In the records below, print each line exactly and leave every image out.

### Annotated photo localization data
*** Block opens ***

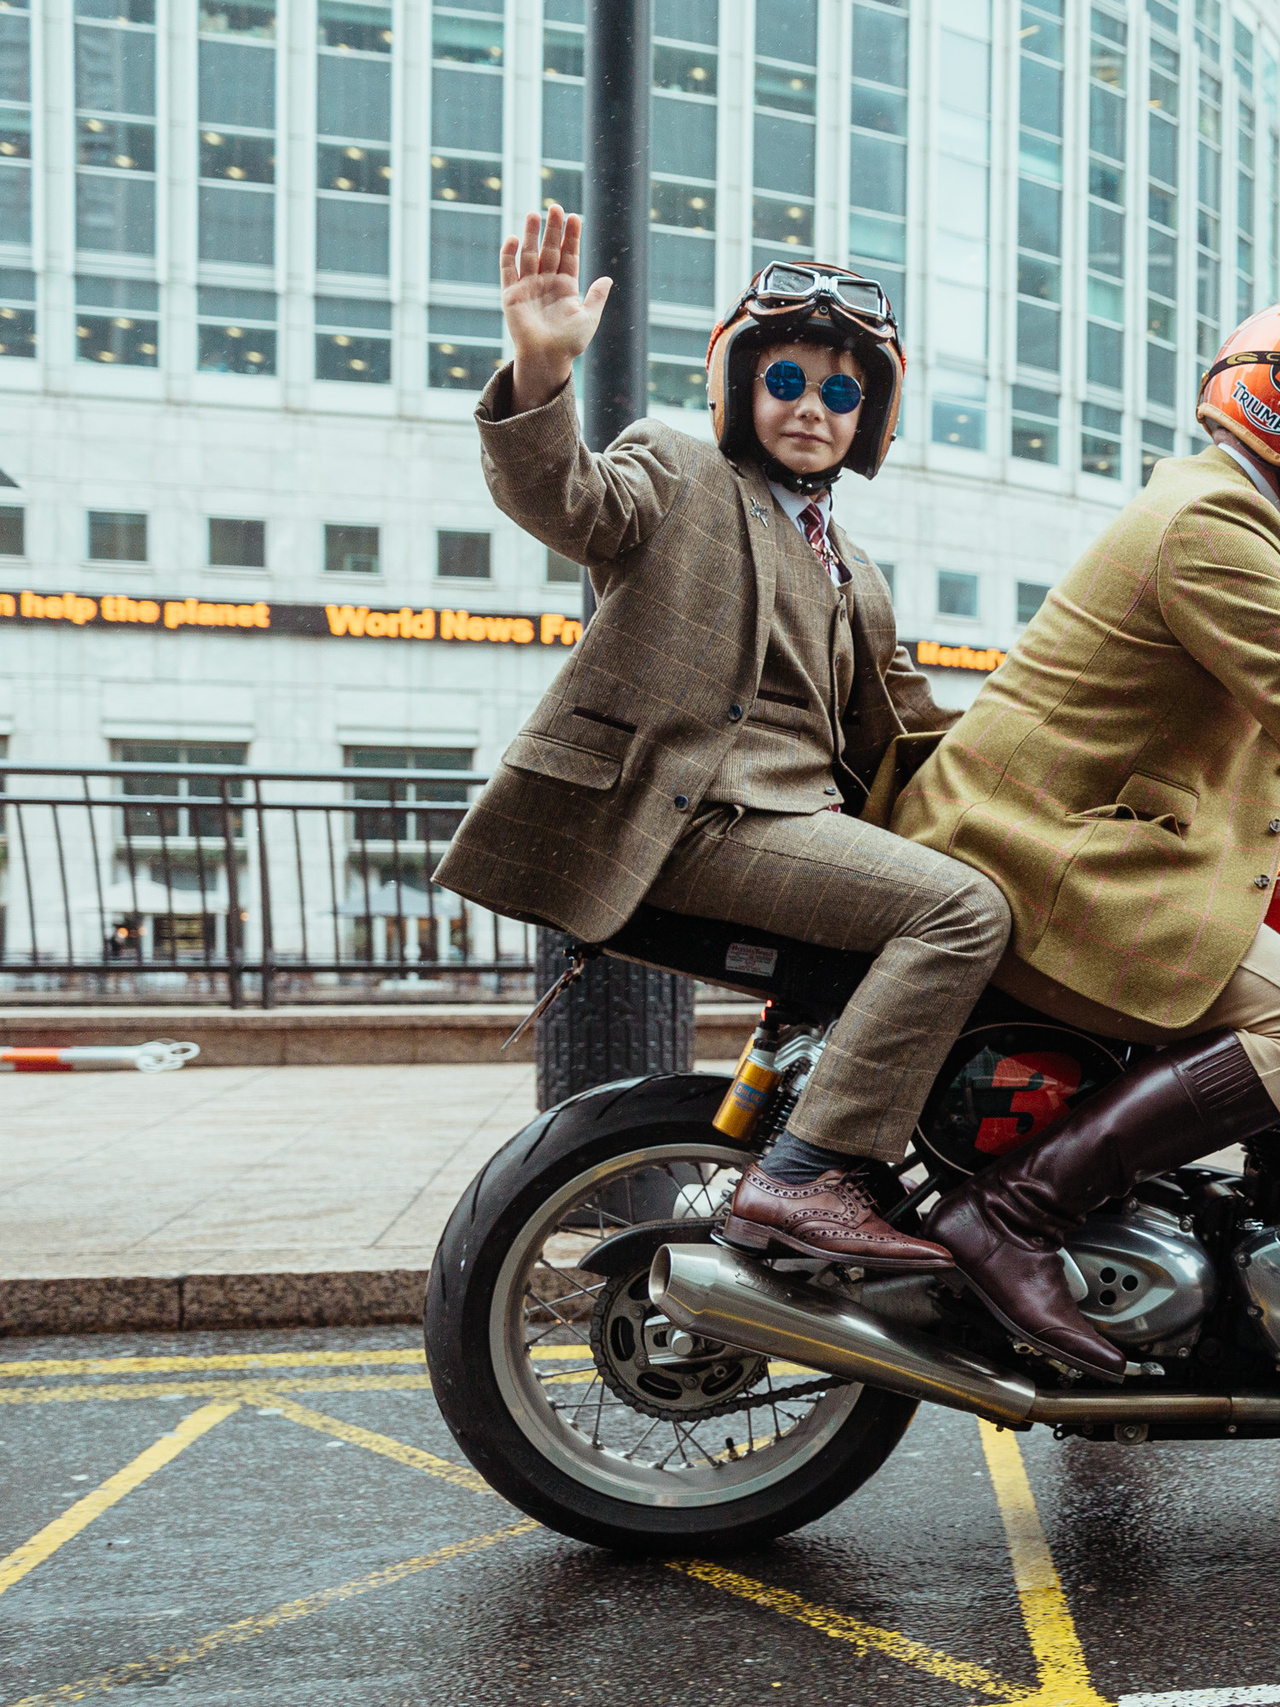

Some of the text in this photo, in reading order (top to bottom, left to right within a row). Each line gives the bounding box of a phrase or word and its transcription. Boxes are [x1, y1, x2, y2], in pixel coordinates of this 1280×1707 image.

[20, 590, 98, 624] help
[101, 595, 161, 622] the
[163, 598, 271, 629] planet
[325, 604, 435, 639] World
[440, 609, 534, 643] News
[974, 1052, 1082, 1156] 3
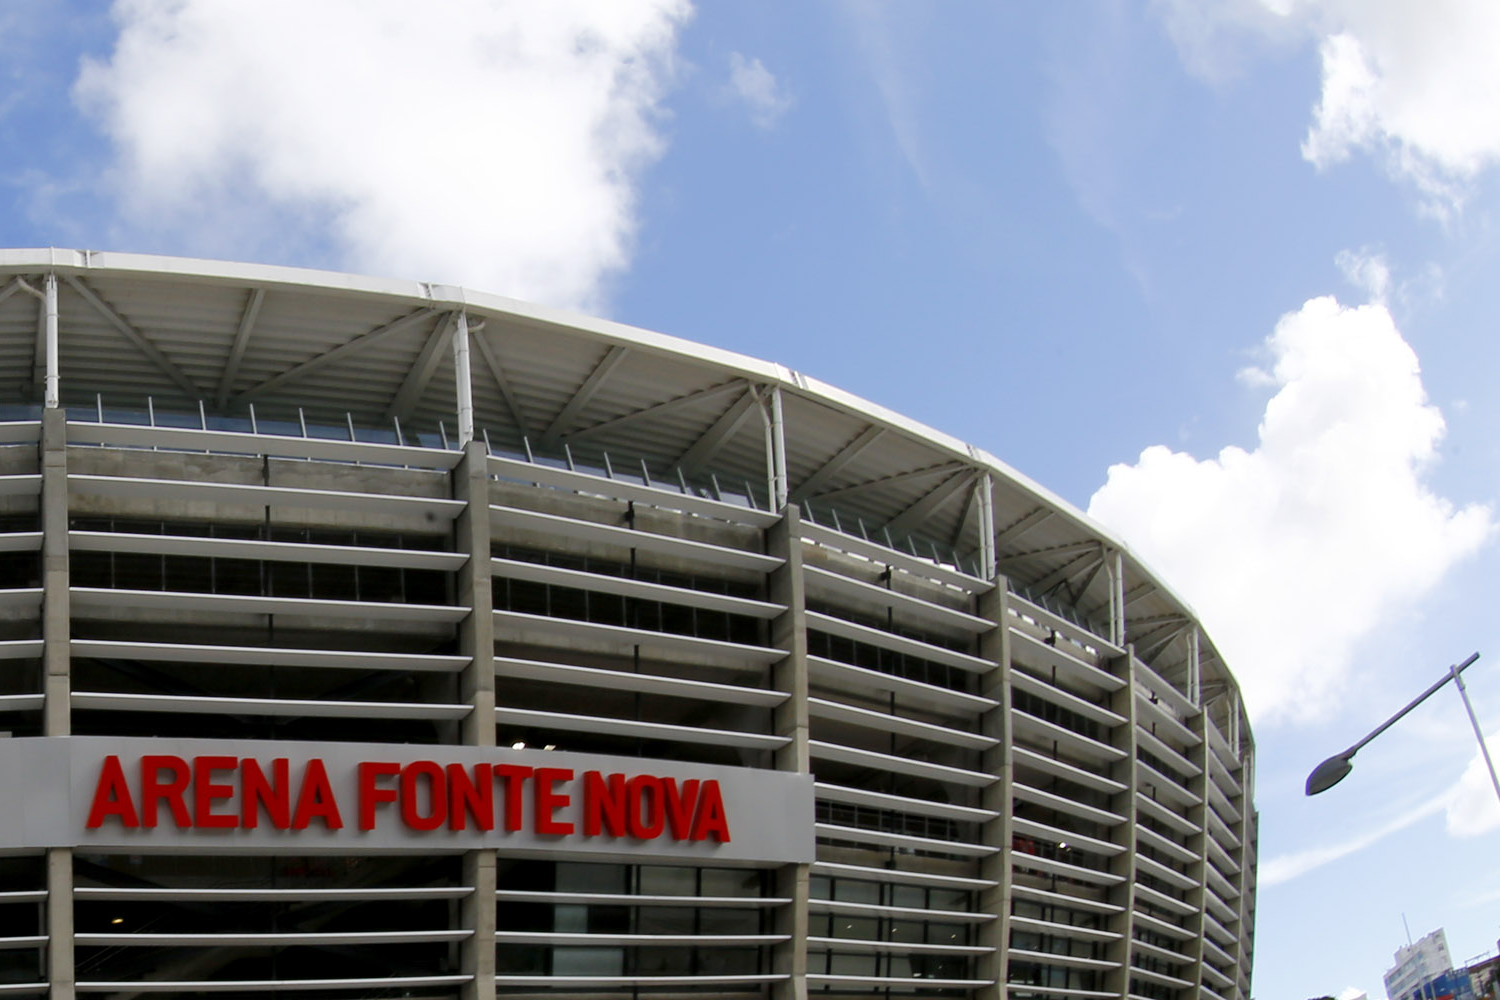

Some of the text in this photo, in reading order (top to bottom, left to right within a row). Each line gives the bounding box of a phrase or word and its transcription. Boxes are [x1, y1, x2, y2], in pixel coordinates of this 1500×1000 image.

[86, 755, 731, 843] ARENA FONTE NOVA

*** Block closes ***

### Your response
Some of the text in this photo, in reading order (top to bottom, left to right within a row). Each line gives the bounding box of a phrase or word and its transcription. Boxes are [x1, y1, x2, y2], in pixel coordinates of this 1280×1707 image.

[20, 590, 98, 624] help
[101, 595, 161, 622] the
[163, 598, 271, 629] planet
[325, 604, 435, 639] World
[440, 609, 534, 643] News
[974, 1052, 1082, 1156] 3

Some of the text in this photo, in reading order (top to bottom, left to right within a row). Each line gives the bounding box of a phrase or word and its transcription. Boxes are [x1, y1, x2, y2], in pixel coordinates of this 1500×1000 image.

[86, 755, 731, 843] ARENA FONTE NOVA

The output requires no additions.